ORDER
Sanjay Garg, Judicial Member.- The present appeal has been filed by the revenue against the order of the learned CIT(A) dated 13.06.2011 relating to A.Y. 2008-09, deleting the addition of Rs. 9,45,00,000 made by the AO. The grounds of appeal read as under:
“1. On the facts and in the circumstances of the case and in law, the Ld. CIT(A) erred in deleting the addition of Rs.9,45,00,000/-made by way of treating as Long Term Capital Gain, the difference between value of share on the date of its allotment by the company and the price of warrant paid as per letter of allotment of warrant issued by the company, Garware Offshore Services Ltd.
2. On the facts and in the circumstances of the case and in law, the Ld. CIT(A) erred in deleting the addition of Rs.9,45,00,000/-without appreciating the fact that relinquishment /exchange of warrant into equity is a transfer within the meaning of Section 2(47)(i) and income earned on such transfer is covered as per the provisions of Section 48 of the I.T.Act.”
2. The brief facts of the case are that the assessee filed its return of income declaring total income at Rs. 59,98,660. During the assessment proceedings u/s. 143(3) of the I.T.Act the AO noticed that during the F.Y. 2006-07 the assessee company was allotted 7,00,000 warrants of Rs.100 each. The warrant holder in terms of the said allotment was asked to pay 10% of the cost of the said warrant i.e. Rs.70 lacs. During the year under consideration, the said warrants were converted into equity shares on the total payment of the remaining cost price of Rs.6,30,00,000. The AO found that the assessee had not considered this transaction as transfer within the meaning of provisions of I.T.Act, 1961. The AO citing section 2(47) of the I.T. Act held that the conversion of warrants into shares amounts to transfer. The AO observed that the assessee while exercising his option for conversion of warrants into equity shares had extinguished his rights in warrants and simultaneously gained rights in equity shares. The AO further held that the said shares were purchased by the assessee at the past price of Rs.100 only whereas the actual closing price as on the date of transaction was Rs.231.35 per warrant. Therefore, the assessee had gained a benefit of Rs.135.35 per warrant. She therefore calculated the total benefit that had accrued to the assessee at Rs.9,45,00,000 and treated the same as long term capital gain in the hands of the assessee. The AO further noticed that even in the alternative the assessee was in the business of dealing in shares and securities. The assessee had acquired 7 lac warrant of Rs. 100 by paying 10% of the cost price and then converted those warrants into equity shares on a particular date when the price was Rs.231.35. Thus, the assessee derived a benefit of Rs.9.45 crores. However, the AO computed the said income under the head “Capital gains”. In appeal, the learned CIT(A) deleted the addition observing as under:
“3.10 I have considered the A.O’s order as well as appellant AR’s submissions.
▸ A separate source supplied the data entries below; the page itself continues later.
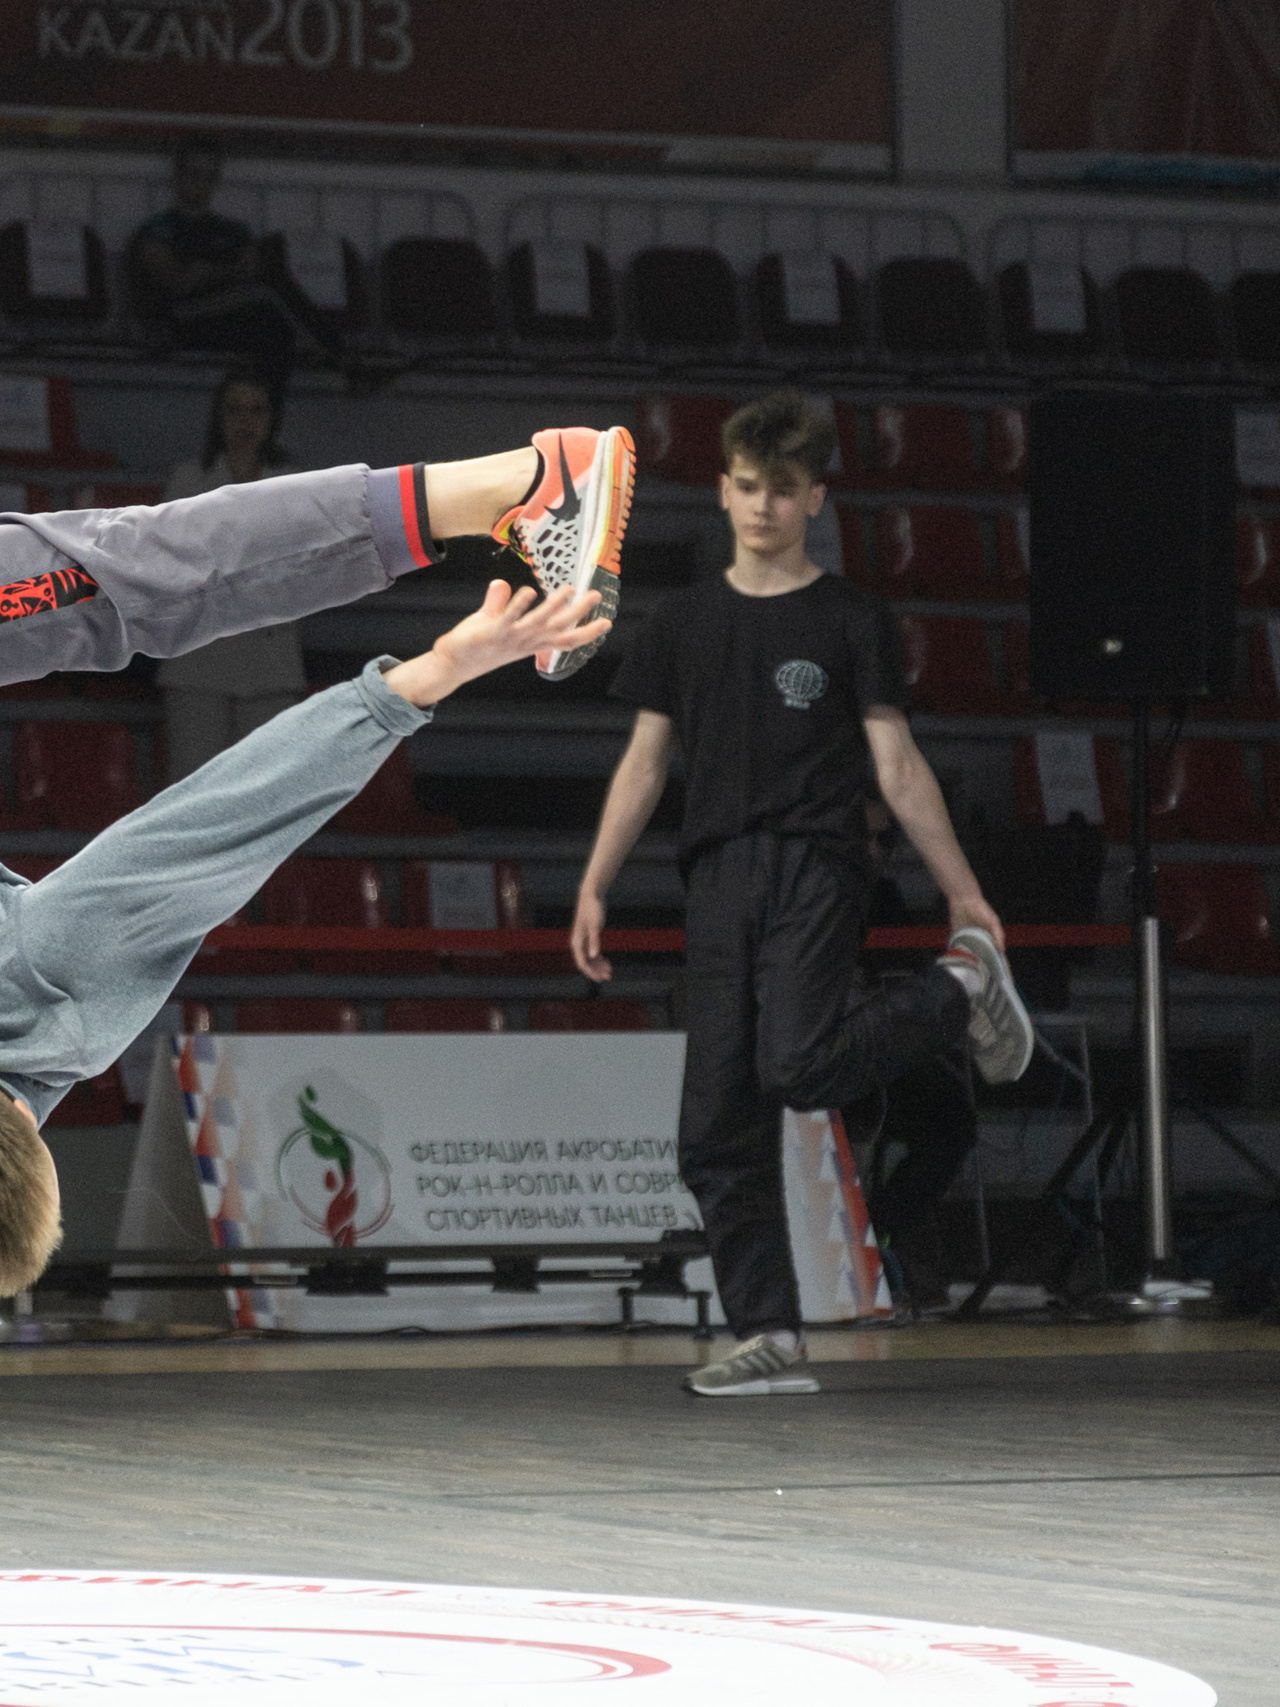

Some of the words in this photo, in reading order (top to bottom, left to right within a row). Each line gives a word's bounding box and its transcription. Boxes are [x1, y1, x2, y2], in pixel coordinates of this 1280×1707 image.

[410, 1140, 549, 1164] ФЕДЕРАЦИЯ
[417, 1173, 584, 1197] РОК-Н-РОЛЛА
[587, 1173, 608, 1194] И
[426, 1207, 584, 1231] СПОРТИВНЫХ
[586, 1206, 678, 1229] ТАНЦЕВ
[533, 1600, 904, 1633] ФИНАЛ
[929, 1642, 1136, 1689] ФИНАЛ
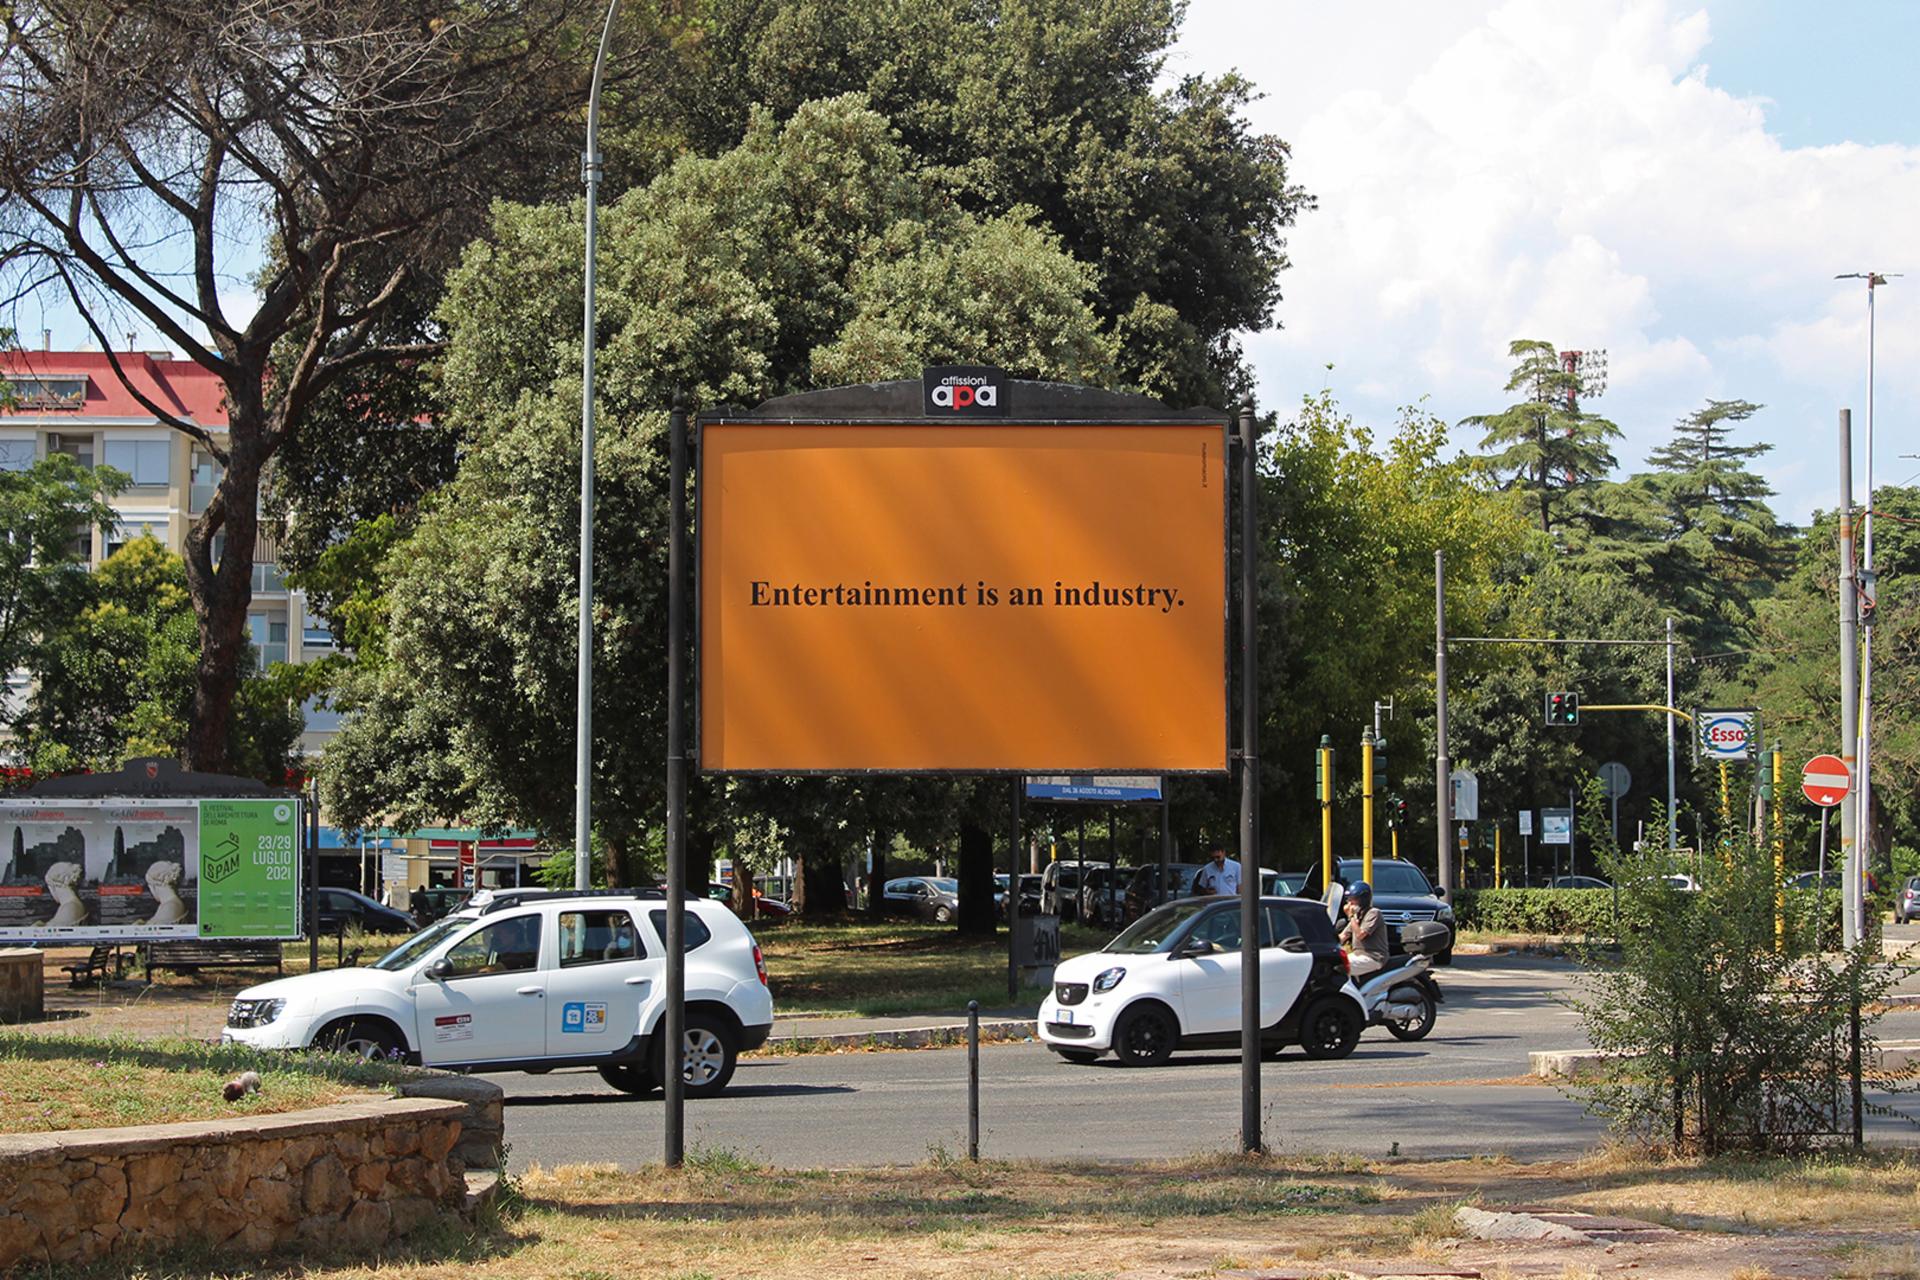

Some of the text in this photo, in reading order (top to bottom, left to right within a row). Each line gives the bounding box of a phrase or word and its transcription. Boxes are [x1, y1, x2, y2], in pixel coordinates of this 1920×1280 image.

[941, 376, 987, 386] affissioni
[931, 385, 997, 411] apa
[750, 580, 1185, 613] Entertainment is an industry.
[1711, 727, 1744, 742] Esso
[258, 835, 291, 849] 23/29
[253, 850, 291, 865] LUGLIO
[207, 854, 240, 879] SPAM
[266, 866, 291, 880] 2021
Having considered both, I am of the considered view that there is complete force in the appellant’s submission. The appellant company did not extinguish its any right over the warrant. The said warrant was allotted on application to the appellant company. There was an option available with the appellant company which embedded in the warrant itself for the appellant company to make an application for allotment of share after making necessary compliance as stipulated in the Conditions and Covenants of Warrants specified in the said warrant. Thus the appellant company had an option for making application for allotment of equity share as per terms and conditions laid down specifically stated in the Covenants as placed in the offer of the issuing company. I find that the A.O. has wrongly used the deeming provisions which was not meant for such transaction at all as the Jurisdictional High Court very clearly held in the aforesaid decision that deeming provisions should be used very strictly for which and in the situation wherein it is meant for. Besides this also, I find that there was no consideration of any kind received to the appellant company either in the form of money or any kind. The A.O. merely took the market value as a full consideration value for working out the capital gain which was actually not at all realized to the appellant company. In view of the same and also taking note of the aforesaid decision illustrated above, I am of the considered view that there was no transfer at all in the case of such transaction as the appellant company has merely exercised its option. The said exercise of option was available in the said warrant, which was allotted to the appellant company under the said resolution of the issuing company and which was approved by the shareholders of the said company as specifically mentioned by the appellant’s AR in his submissions. In view of the aforesaid discussion and also taking note of the decision of the Apex Court, I am of the considered view that the AO was not justified in her action while making the aforesaid addition in the case of the appellant company as capital gain. I thereby hold that the addition so made by the AO is not justified and it was contrary to the provisions of law in the Income-tax Act. Accordingly, the addition so made by the A.O. of Rs.9,45,00,000 is deleted. Thus, the appellant this ground of appeal is allowed.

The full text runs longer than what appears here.